Chapitre 48

     Une demi-heure plus tard, je me retrouvai devant la porte d'entrée de la maison de Salomé. À deux doigts du malaise mais j'étais là. J'avais réussi à marcher jusque-là. J'y étais arrivée. Je n'en revenais pas tellement cette étape était importante pour moi.

Je n'osais pas sonner, mais je savais que je devais le faire. Même si j'étais morte de peur, même si mon cœur s'emballait, je devais affronter mon passé.

J'avais 19 ans maintenant, il était temps.

Les phrases d'Anaïs tournaient encore de ma tête. Tout comme les conseils de mes parents, de Léonie ou de ma psy. Ils étaient comme une sonnette d'alarme. Comme un moteur pour enfin réagir.

Eléah ne pouvait pas continuer à mentir, surtout pas sur cette fameuse soirée où elle avait collectionné les infractions. C'était grave. Elle devait assumer ses erreurs et ses mauvais choix, mais surtout, elle devait se faire aider. Anaïs et Églantine ne pouvaient pas payer le prix fort pour des actions qu'elles n'avaient pas commises. Certes, Églantine était responsable de sa voiture et devait assumer ses choix. Elle avait laissé conduire Eléah alors qu'elle était saoule et en licence, mais je pouvais peut-être aider à alléger sa sanction. Je voulais la soutenir du mieux que je le pouvais.

Que serait capable de faire Eléah si personne ne l'arrêtait ?

J'appuyai enfin sur la sonnette, le souffle court. Je frissonnai en attendant que quelqu'un vienne ouvrir. Je n'avais plus mis les pieds dans cette propriété depuis si longtemps.

Soudain, Salomé ouvrit la porte et resta figée sur place. Elle ne s'attendait pas à me voir à sa porte. Elle me contempla sans voix.

-Salut Salomé, soufflais-je timidement. Je... je...

Oh punaise ! Si je pouvais arrêter de bégayer, ce serait tellement mieux.

-Tu as reçu le mail d'Anaïs ? demanda-t-elle.

Je hochai la tête, mal à l'aise.

-Tu comptes les aider ? demanda-t-elle, surprise.

-Oui, j'aimerais les aider.

-J'avoue que je suis surprise. Je croyais que tu étais toujours la meilleure pote d'Eléah.

Cette phrase me froissa, mais je ne pouvais pas lui en vouloir. C'était de bonne guerre.

-Tu avais raison depuis le début. Eléah n'a jamais été mon amie. J'ai coupé les ponts avec elle.

-Vraiment ?

-Totalement ! Si tu savais tout ce qu'elle m'a fait subir en secondaires.

Salomé me fixa, émue. Elle ne s'attendait pas à cette réponse de ma part.
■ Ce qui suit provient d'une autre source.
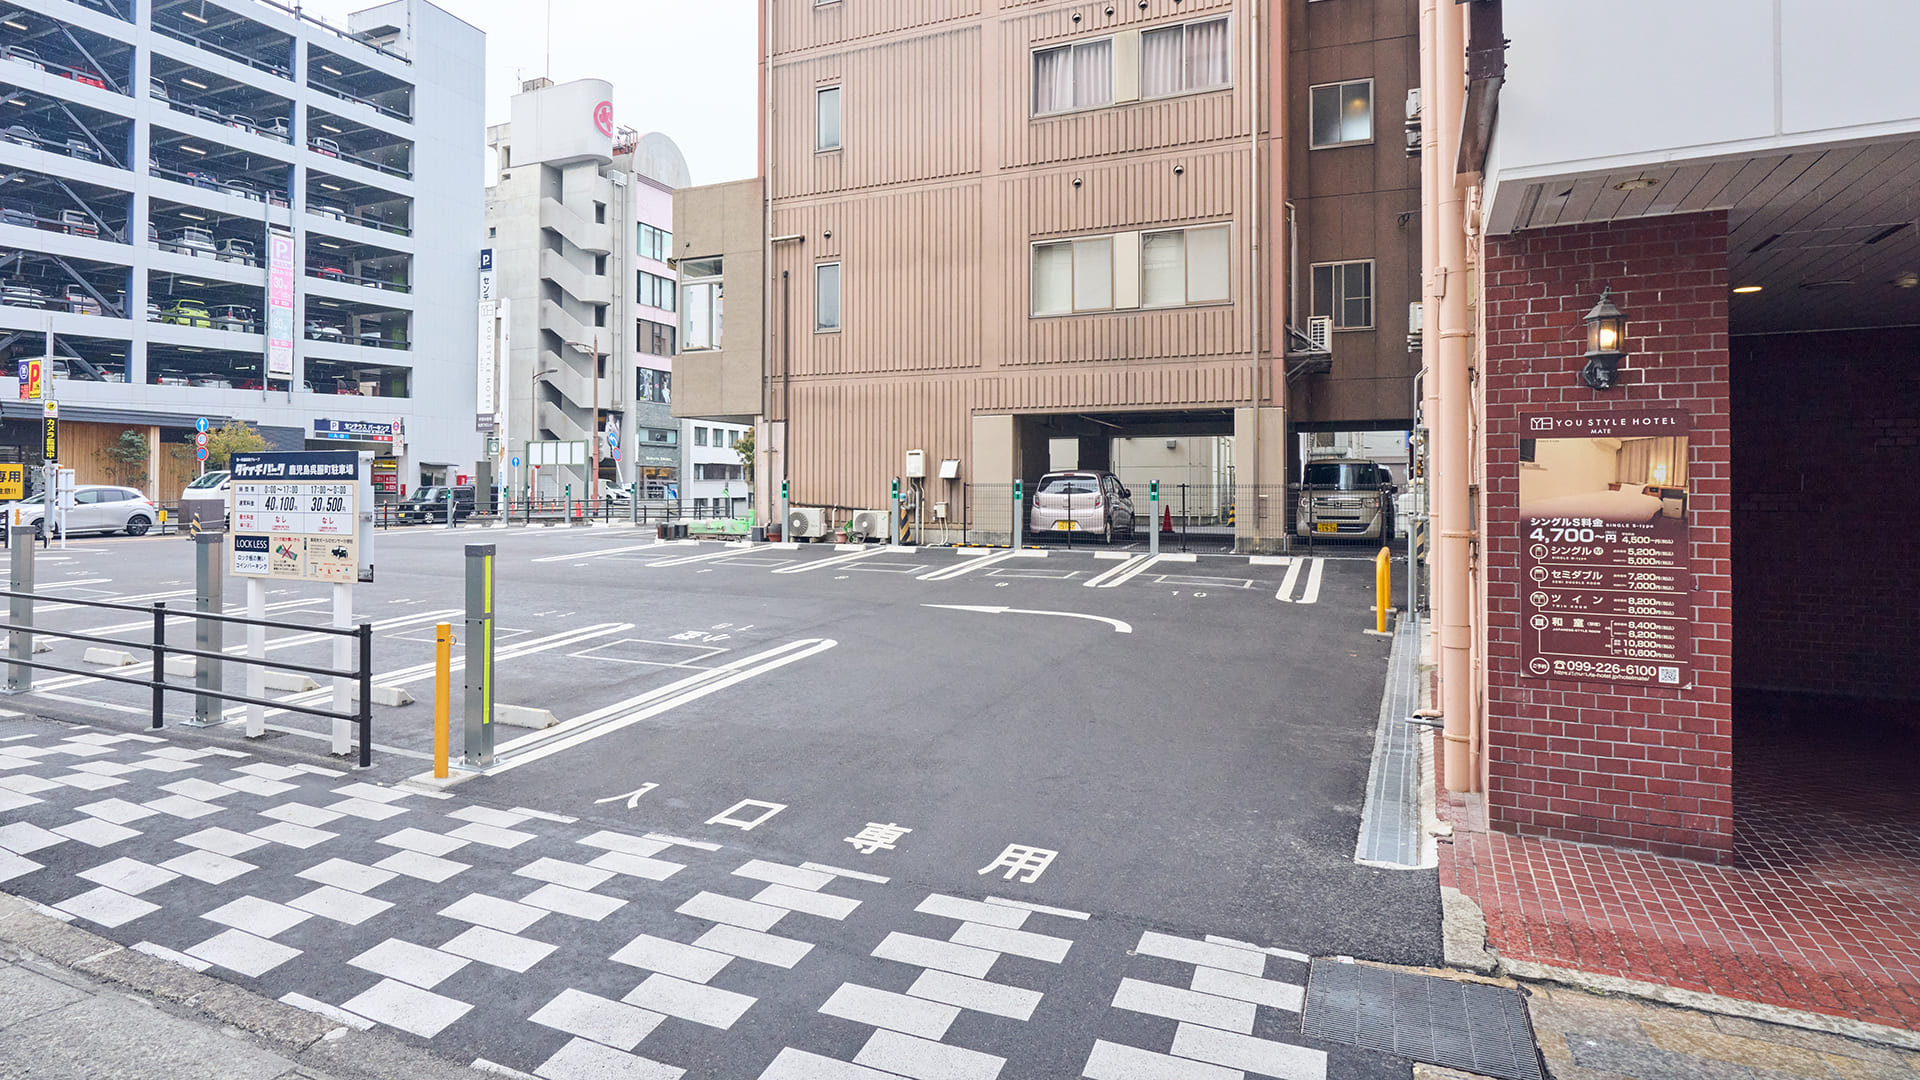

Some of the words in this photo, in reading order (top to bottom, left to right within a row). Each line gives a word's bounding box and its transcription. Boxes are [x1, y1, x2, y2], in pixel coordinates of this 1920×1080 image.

[1556, 419, 1583, 427] YOU
[1588, 418, 1626, 427] STYLE
[1632, 417, 1676, 426] HOTEL
[1530, 517, 1604, 528] シングルS料金
[1551, 546, 1592, 556] シングル
[1551, 570, 1603, 580] セミダブル
[1567, 661, 1657, 677] 099-226-6100
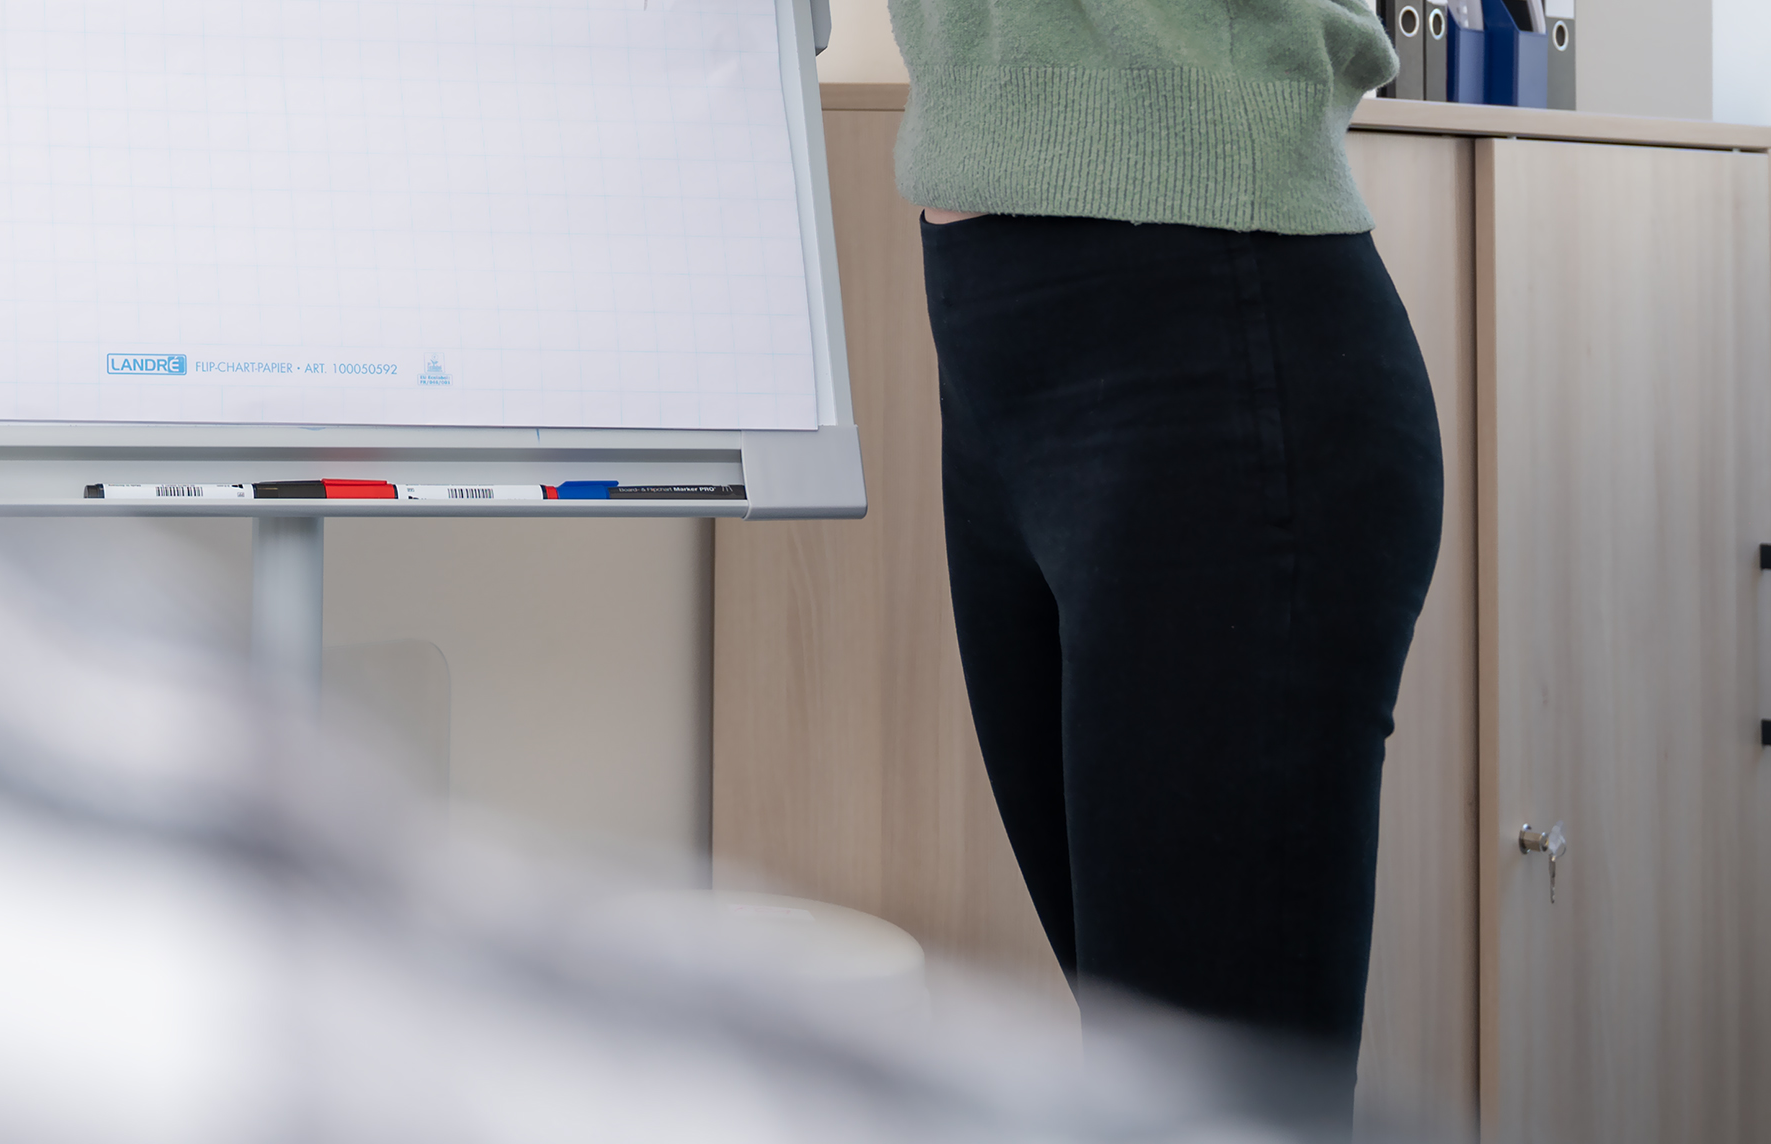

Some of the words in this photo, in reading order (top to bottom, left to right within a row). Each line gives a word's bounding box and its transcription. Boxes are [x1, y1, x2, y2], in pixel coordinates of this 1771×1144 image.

[109, 355, 185, 374] LANDRÉ
[304, 360, 328, 375] ART.
[332, 362, 398, 376] 100050592
-Je suis désolée, Salomé. Vraiment désolée pour tout ce que je t'ai fait.

-C'est du passé, tout ça.

-Je sais que c'est le passé, mais je tenais encore à te dire que je regrettais d'avoir été aussi nulle.
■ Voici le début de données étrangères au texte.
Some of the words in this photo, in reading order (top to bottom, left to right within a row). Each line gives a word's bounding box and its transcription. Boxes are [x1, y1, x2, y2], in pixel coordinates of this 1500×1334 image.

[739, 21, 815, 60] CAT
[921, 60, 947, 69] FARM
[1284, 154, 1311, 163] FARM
-Oh tu sais, je suis passée à autre chose depuis le temps.

-Peut-être et tant mieux mais... je te devais des excuses depuis longtemps... de vraies excuses.
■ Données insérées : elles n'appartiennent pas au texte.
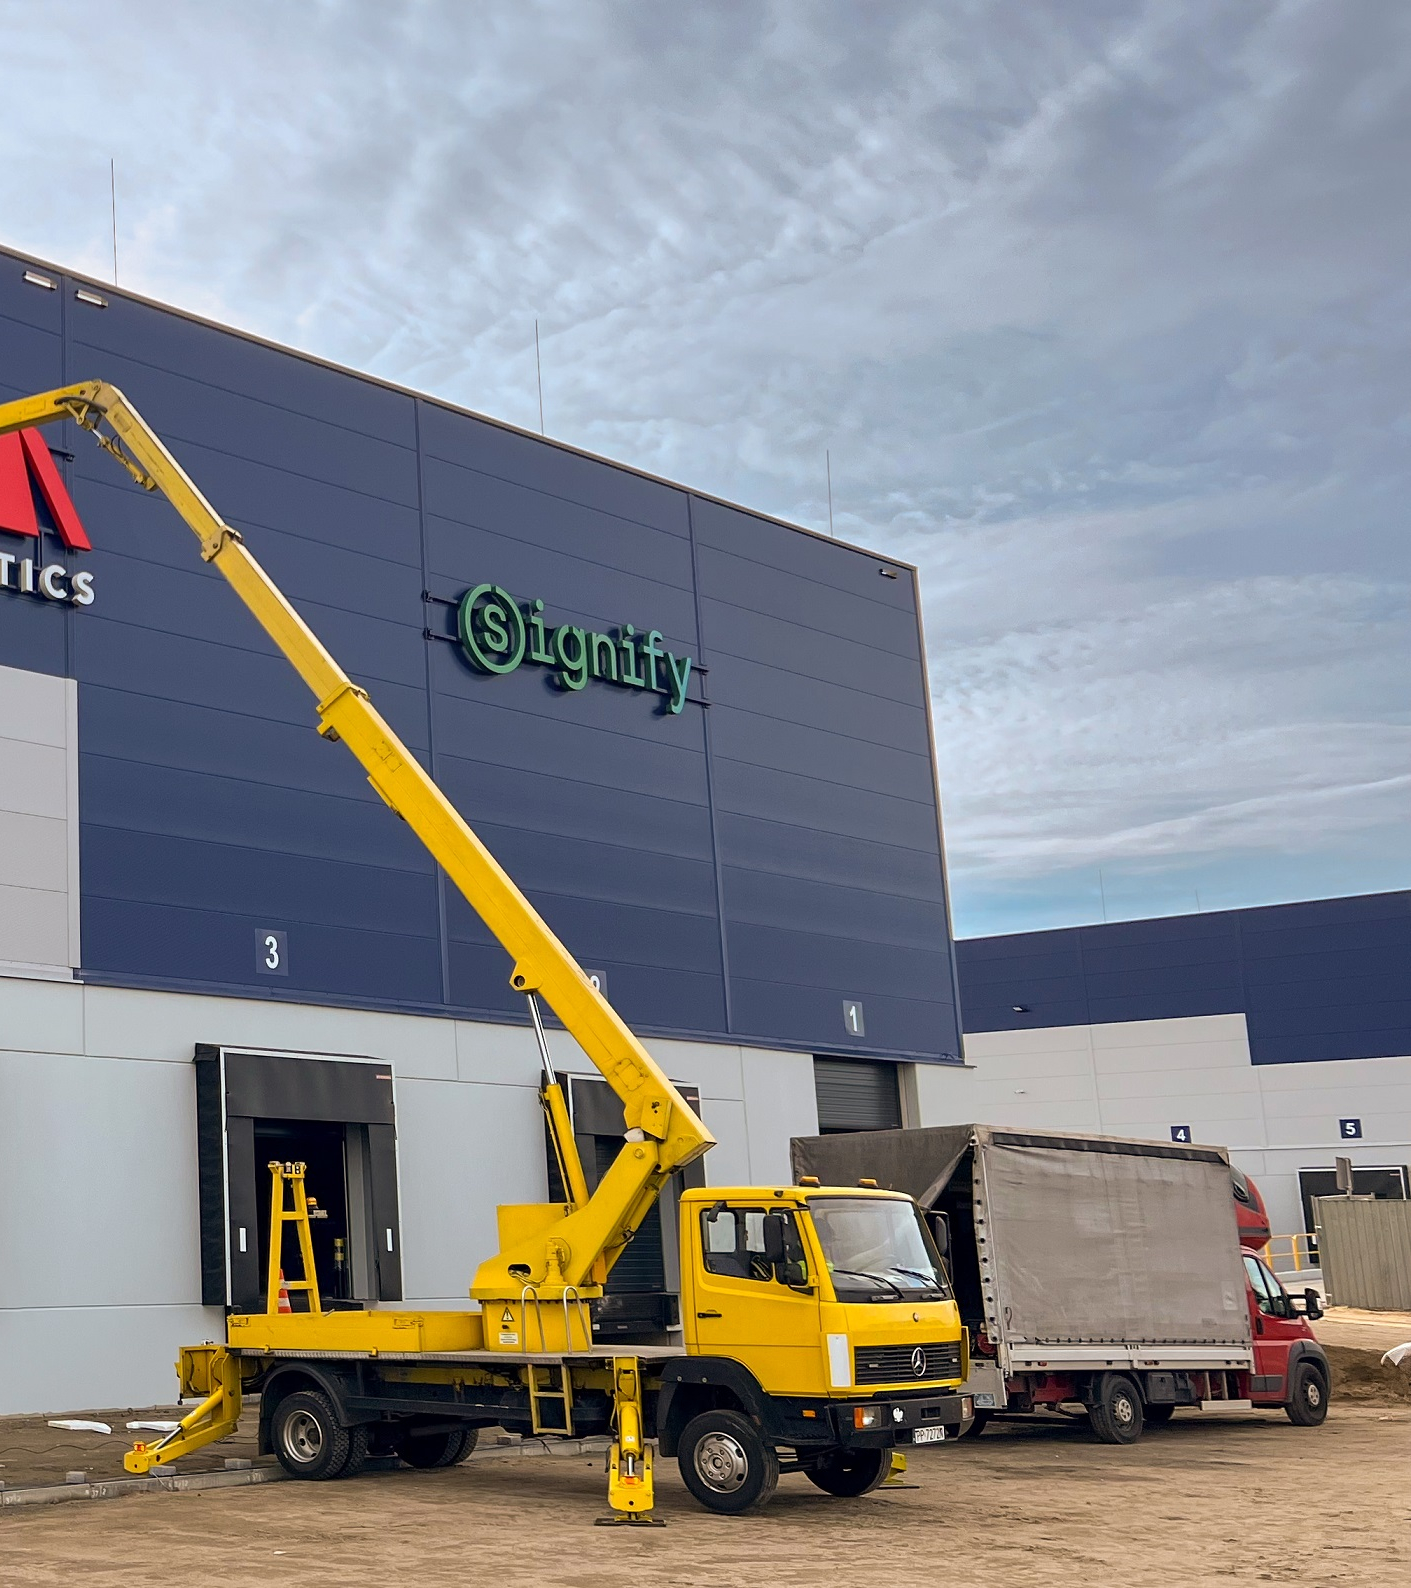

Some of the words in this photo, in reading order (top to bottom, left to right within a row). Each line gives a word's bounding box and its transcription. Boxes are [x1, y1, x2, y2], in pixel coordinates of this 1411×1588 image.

[264, 935, 280, 970] 3
[849, 1005, 858, 1032] 1
[1176, 1128, 1186, 1142] 4
[1345, 1122, 1356, 1136] 5
Salomé me contempla pendant de longues secondes.

-Je t'en ai beaucoup voulu, tu sais, murmura Salomé.

-Je sais.

-Puis, j'ai grandi et j'ai fini par comprendre.

-Tu as compris quoi ?

-Tout ce qui nous est arrivé, c'est principalement de la faute d'Eléah. C'est à elle que je dois en vouloir. Pas à toi. Au fond, tu es aussi une victime dans cette histoire.

-J'en ai bavé à cause d'elle, mais j'aurais dû réagir plus tôt... J'aurais dû te défendre.

-Faut comprendre ce qu'il se passe pour pouvoir réagir.

-J'avoue avoir mis beaucoup de temps à comprendre... presque 10 ans.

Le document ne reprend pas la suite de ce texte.